Cravings: One of the most challenging aspects of withdrawal for many people is the intense cravings for the substance. These cravings can be both physical and psychological, and they can be triggered by various factors, including stress, people, places, or things associated with substance use.
The duration of drug withdrawal symptoms can vary widely depending on several factors, including the type of substance used, the duration of use, the degree of dependence, individual metabolism and health status, and whether one quits cold turkey or with medical assistance.
Generally, withdrawal symptoms can be divided into acute and post-acute phases:
Acute Withdrawal: This is the initial phase of withdrawal, where physical symptoms are typically the most severe. Depending on the substance, acute withdrawal symptoms can begin within a few hours to a few days after the last use and can last anywhere from a few days to a few weeks. For example, alcohol withdrawal symptoms often start within 8 hours of the last drink and can last up to a few days or weeks, while opioid withdrawal symptoms usually start within 12-30 hours of the last dose and can last approximately a week.
Post-Acute Withdrawal Syndrome (PAWS): Some individuals may experience a second phase of withdrawal known as Post-Acute Withdrawal Syndrome. PAWS refers to a group of symptoms that occur after the acute withdrawal phase, predominantly psychological, such as anxiety, irritability, mood swings, depression, and sleep disturbances. PAWS can last from a few weeks to a year or more after the cessation of substance use.
It's important to remember that withdrawal can be dangerous and even life-threatening in some cases, especially when it comes to substances like alcohol and benzodiazepines. Therefore, withdrawal should always be done under medical supervision. The support and treatment offered by medical professionals during detoxification can also help to mitigate withdrawal symptoms and make the process safer and more comfortable.

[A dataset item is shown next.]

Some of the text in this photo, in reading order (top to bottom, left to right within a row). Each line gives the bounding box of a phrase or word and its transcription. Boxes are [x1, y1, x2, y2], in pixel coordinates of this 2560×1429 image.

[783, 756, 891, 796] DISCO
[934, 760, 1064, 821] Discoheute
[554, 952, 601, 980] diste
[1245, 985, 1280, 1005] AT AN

Fentanyl is a synthetic opioid pain reliever that is 50 to 100 times more potent than morphine. It's typically used to treat severe pain, especially after surgery, or to manage pain in individuals with chronic illnesses who have developed a tolerance to other opioids.
When used under medical supervision, fentanyl can effectively relieve pain. However, when used illicitly or without a prescription, it can have severe, and even fatal, effects. Here's what fentanyl can do to a person:
Physical Effects: In the short term, fentanyl can induce feelings of relaxation, euphoria, and decreased perception of pain. However, it also slows breathing and can lead to unconsciousness or death from respiratory failure, particularly in high doses or when combined with other substances that depress the central nervous system.

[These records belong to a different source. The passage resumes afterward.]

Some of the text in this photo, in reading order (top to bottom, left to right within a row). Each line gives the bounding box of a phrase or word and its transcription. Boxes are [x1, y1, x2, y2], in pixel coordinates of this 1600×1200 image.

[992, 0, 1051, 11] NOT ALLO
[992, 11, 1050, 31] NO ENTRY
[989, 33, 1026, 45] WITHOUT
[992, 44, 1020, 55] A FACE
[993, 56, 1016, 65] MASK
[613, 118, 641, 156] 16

Dependency and Addiction: Fentanyl is highly addictive. Regular use can lead to physical dependence, where the body requires the drug to function normally, and psychological addiction, where a person feels a compulsive need to use the drug despite its harmful consequences.
Overdose Risk: Due to its potency, the risk of overdose with fentanyl is high, especially if a person mistakenly believes they're taking a less potent opioid, as illicit fentanyl is often mixed with other drugs. Overdose can lead to severe respiratory depression, unconsciousness, and death.
Withdrawal: Once a person becomes dependent on fentanyl, stopping its use can result in withdrawal symptoms. These can include muscle and bone pain, sleep problems, diarrhea, vomiting, cold flashes, and uncontrollable leg movements.
Long-Term Health Effects: Chronic fentanyl use can lead to an array of health problems, including severe constipation, increased sensitivity to pain, confusion, depression, and increased risk of infections due to needle sharing (if injected).
Due to its potency and high risk of overdose, non-medical use of fentanyl is extremely dangerous. If you or someone you know is struggling with fentanyl or other opioid use, it's crucial to seek professional help immediately.